Patent FUD spread in Dutch Parliament using Philips documents
-> [ Philips | Netherlands | Industry | Buy Fair! | Patent News ]
The Hague, 2 March 2005 -- A day before the Dutch Parliament will debate several motions asking its government to reopen discussions in the Council, several documents were sent to involved Dutch members of parliament, trying to convince them that the Council version is "balanced", does not allow "pure software patents", "protects interoperability" and "prevents trivial patents". They also claim that Europe needs software patents in order to compete with the USA and that international treaties require software patents.
English translation
The original (Dutch) document, which can be found at the bottom of this page, starts out by giving a supposedly impartial overview of the situation, and finishes with Philips' position. This is a partial translation of that last part.
General
- Philips supports the patentability of all technical inventions and is no proponent of excluding inventions with software. According to Philips, inventors in all sectors need patents to protect their inventions to provide for incentives and financial means and to promote a transfer of technology. Inventions with software are no exception to this rule. The latest draft directive of the EU Council of Ministers (May 2004) takes into account all interests. Trivial patent applications and applications for patents on pure software, feared by opponents of software patents, are not accepted by this directive. Philips squarely supports attempts to quickly eliminate trivial patents. As in all other economic sectors, patents on inventions which contain software will only be granted if the invention provides a technical solution which is new, non-obvious and industrially applicable.
Open Source
- The draft directive also respects the 'open source' movement and guarantees that different technical systems can work together. This 'interoperability' is equally essential for an open, innovative company such as Philips, as for small companies and consumers. Patents do not obstruct the free flow of information; on the contrary, they promote this flow. Just like patents for other inventions, the owner of a patents on an invention which contains software must provide essential information about this invention. [..]

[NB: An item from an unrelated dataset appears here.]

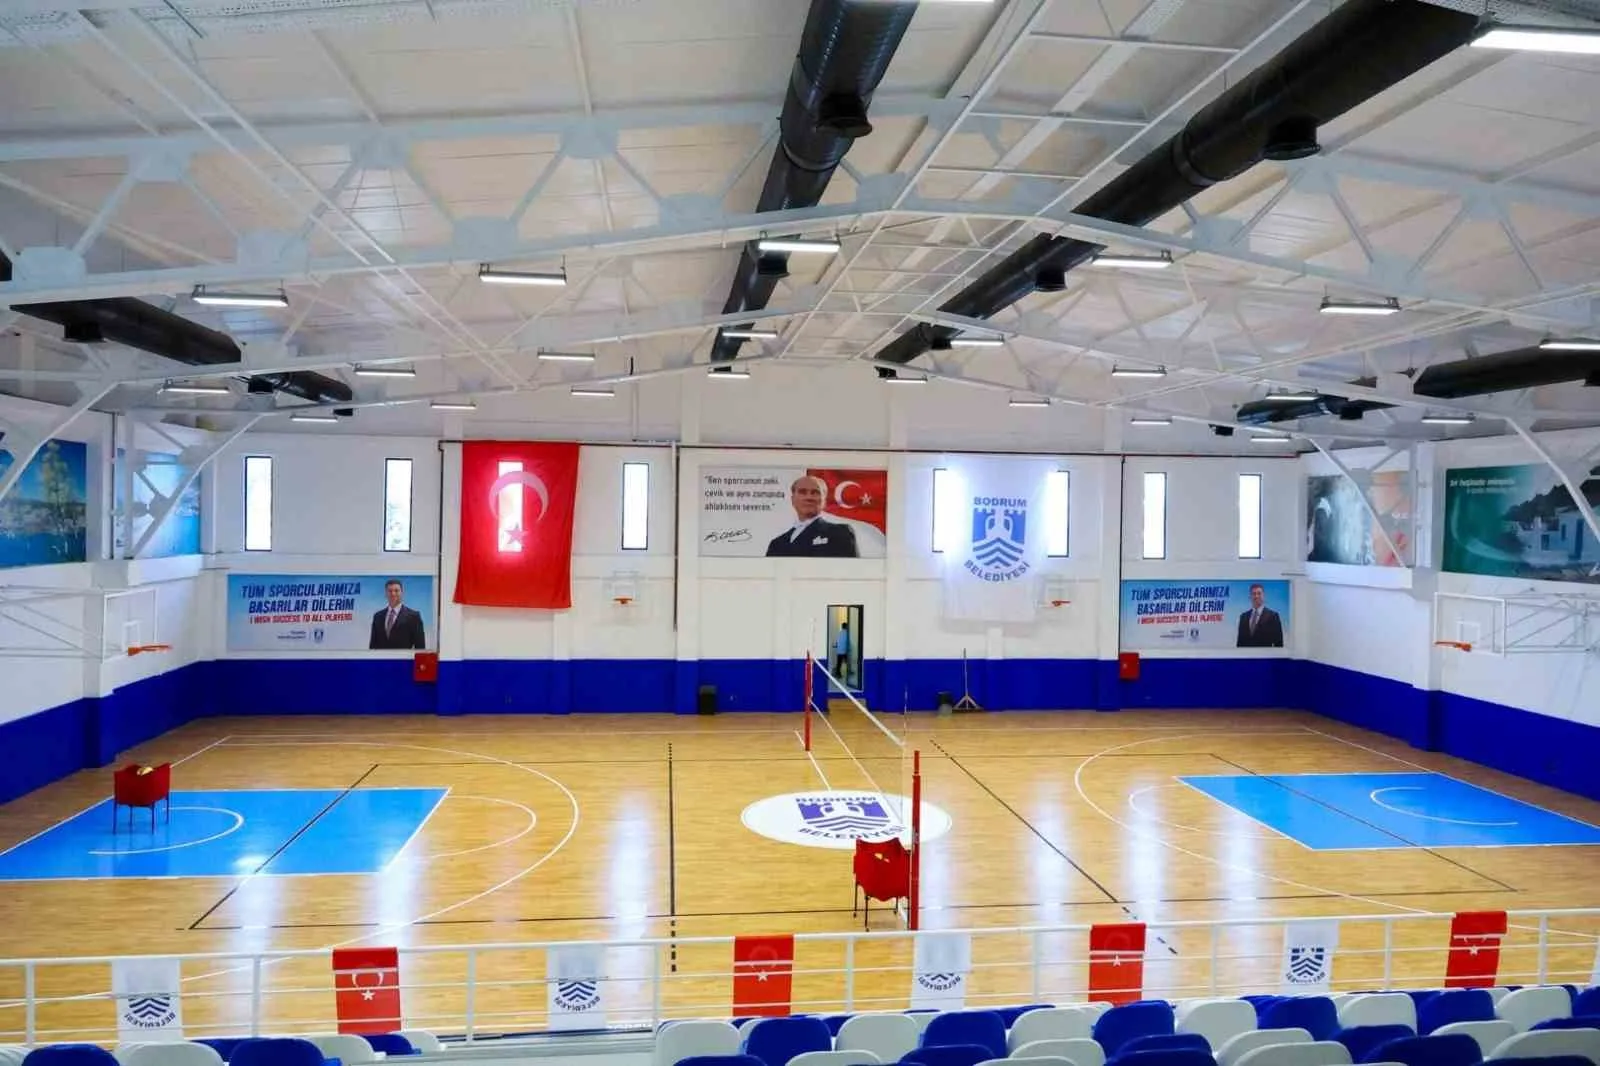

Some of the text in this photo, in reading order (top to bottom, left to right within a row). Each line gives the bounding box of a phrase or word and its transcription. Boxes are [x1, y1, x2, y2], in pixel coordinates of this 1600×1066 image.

- In almost all electronic products, innovative technologies are applied for information and data transfer. Inventions with software play a key role in the advancement of these technologies. Massive exclusion of patentability of inventions in this field would go against the TRIPS treaty from 1995 of the World Trade Organisation. [..]
Research and development
- The draft directive of the Council follows the current practice of the EPO and will increase the harmonisation and legal certainty in the field throughout Europe. If the patentability of inventions with software is removed, this has serious consequences for the competitiveness of Europe and as such also for future employment. It would damage the ability of enterprises to finance research and development. [..]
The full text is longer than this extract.